We believe that AI has the potential to empower people – making the world a better place and Africa will not be left behind. Microsoft has invested US$115m over five years into initiatives that provide funding, technology and expertise to nonprofits and organisations so that they can tackle pressing issues within their own societies. Examples of this exists in Little Cab – a Kenyan cab hailing service. In 2017, Little Cab partnered with Microsoft to launch a driver login verification feature on its app, using facial recognition technology provided by Microsoft Cognitive API and selfies. A smart African-grown system like this ensures that riders have peace of mind while using the service, as it eliminates the opportunity for non-registered drivers to pose as Little Cab drivers.

Within the financial services industry, AI is the underlying tech that helped Finserve launched mKey – Africa’s first keyboard app that converges social, and financial services into an integrated lifestyle. Operating on Microsoft Azure technology, it also rewards users the more they transact, blending the best of social conversations with the full breadth of financial services, capturing that entire world on your keyboard, giving users the opportunity to make more possible.

Transforming economies

It is said that by 2050, the need to produce food globally will become crucial. With water levels receding and arable land already limited, the agriculture industry has been placed in the spotlight for needing to adopt innovative technologies crucial to long-term survival. At a time where resources and crops need to be tracked – AI enabled data-driven insights are able to boost agricultural productivity through increasing yields and reducing losses. Through Farmbeats, seamless data collection is can be collected from various sensors, drones and cameras. The solution also accounts for weather-related power and Internet outages.

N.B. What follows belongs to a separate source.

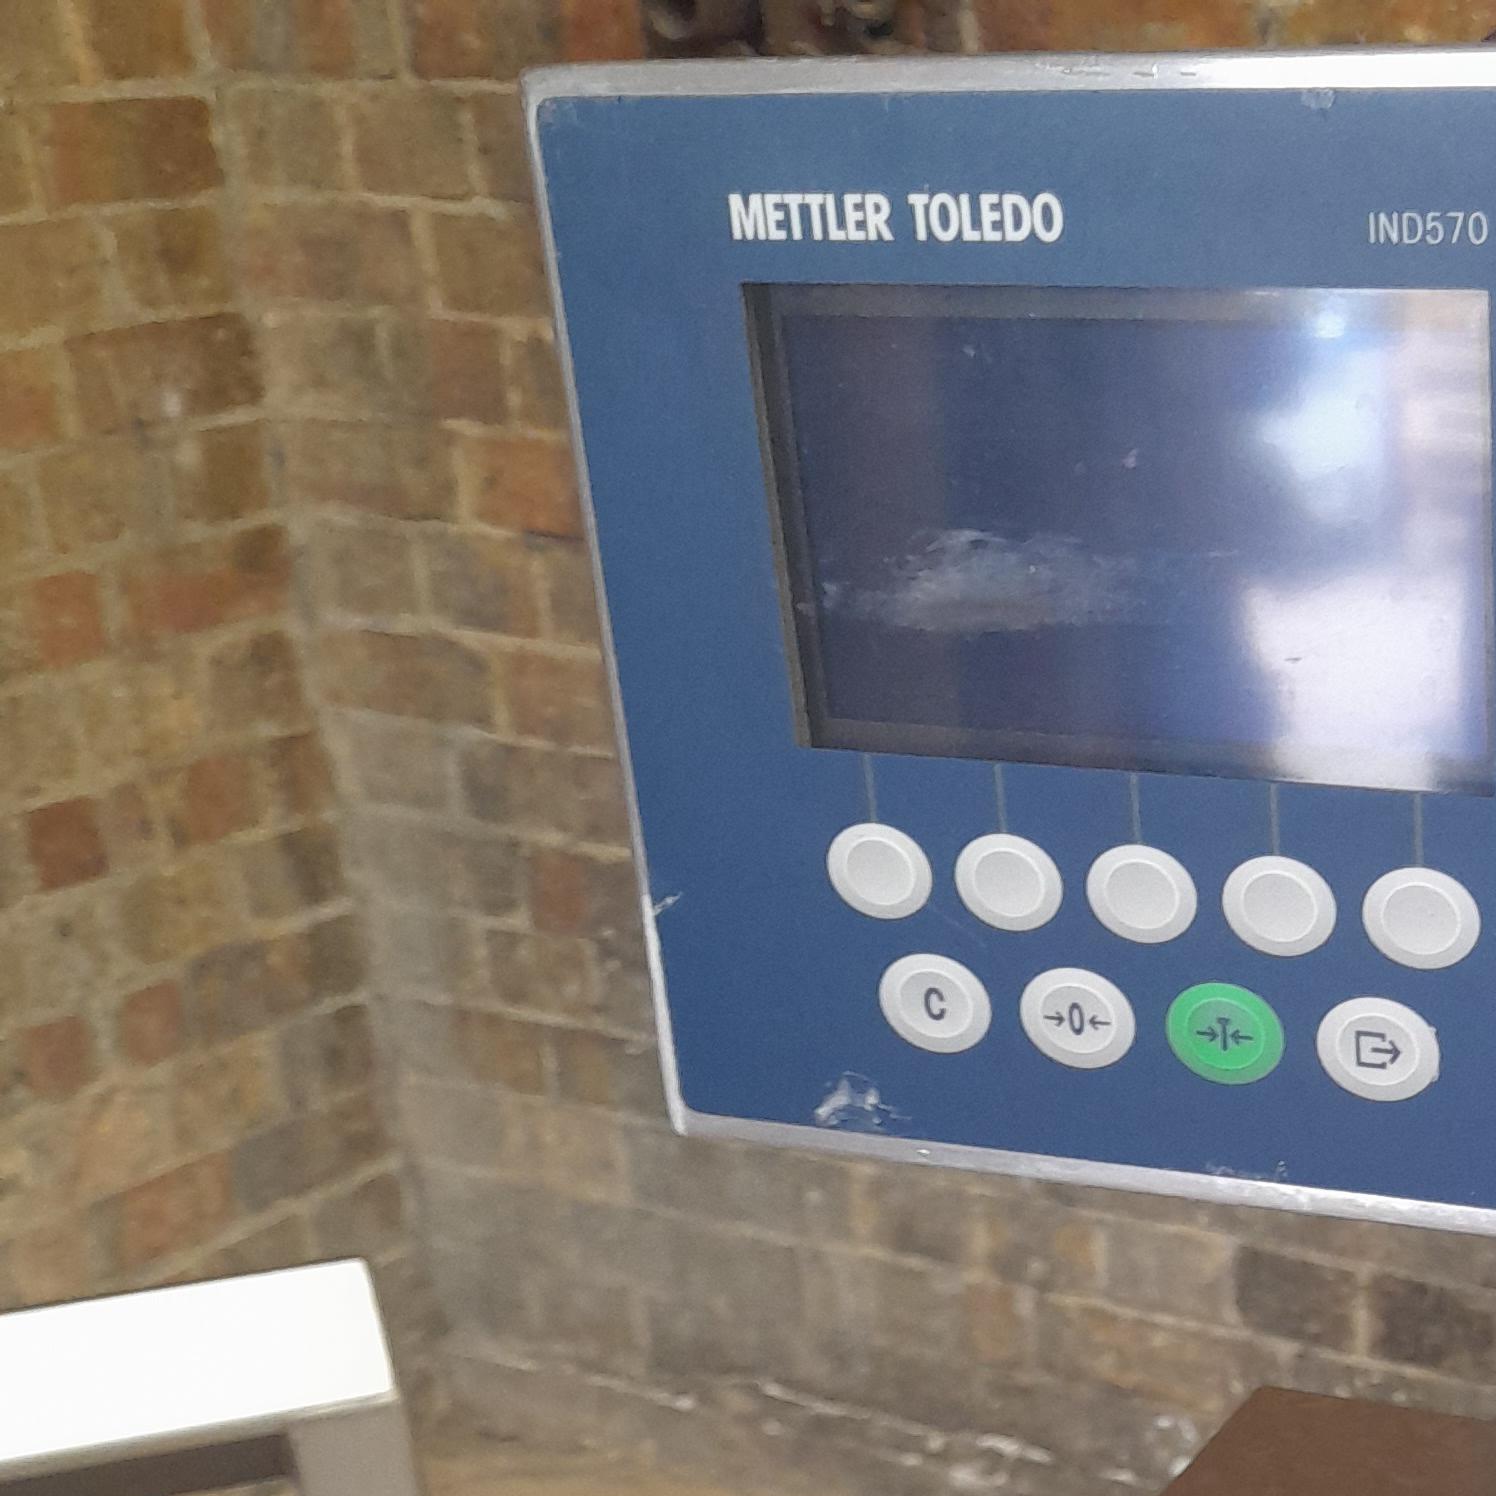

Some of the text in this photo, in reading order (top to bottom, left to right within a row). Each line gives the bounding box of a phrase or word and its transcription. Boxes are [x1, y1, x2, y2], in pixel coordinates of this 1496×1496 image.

[728, 192, 1064, 242] METTLER TOLEDO
[1368, 211, 1488, 245] IND570
[924, 987, 946, 1021] C

Clearly the potential inherent in AI is huge, but the emergence of AI in combination with automation has also prompted fears – specifically about its long-term impact on employment. Opponents caution that many people may stand to lose their jobs to machines fitted with AI capabilities, particularly at the lower-skill end of the spectrum.

Proponents, on the other hand, argue that new or refreshed industries will benefit from AI, which according to some research will actually create more jobs than it makes obsolete. Additionally, Gartner reports that AI augmentation will generate about $2.9tn in business value and recover about $6.2bn in worker productivity by 2021. Others argue that AI could contribute up to $15.7tn to the global economy in 2030, more than the current output of China and India combined.

At Microsoft, we do not foresee AI fully replacing humans in the workforce, but rather functioning as a tool that augments human abilities, freeing up people from routine, repetitive tasks, to focus instead on higher reasoning, creativity, and relationship-building – skills that remain uniquely human.

Microsoft’s vision for AI is one of empowerment – technology providing organisations and individuals with the tools required to innovate and perform to the best of their ability. Our approach of making AI accessible through infusing it in everything we do will only add and streamline the greater agenda of governments, forging the way forward to an all encompassed digital society.

Sebuh Haileleul is the general manager for Microsoft East Africa.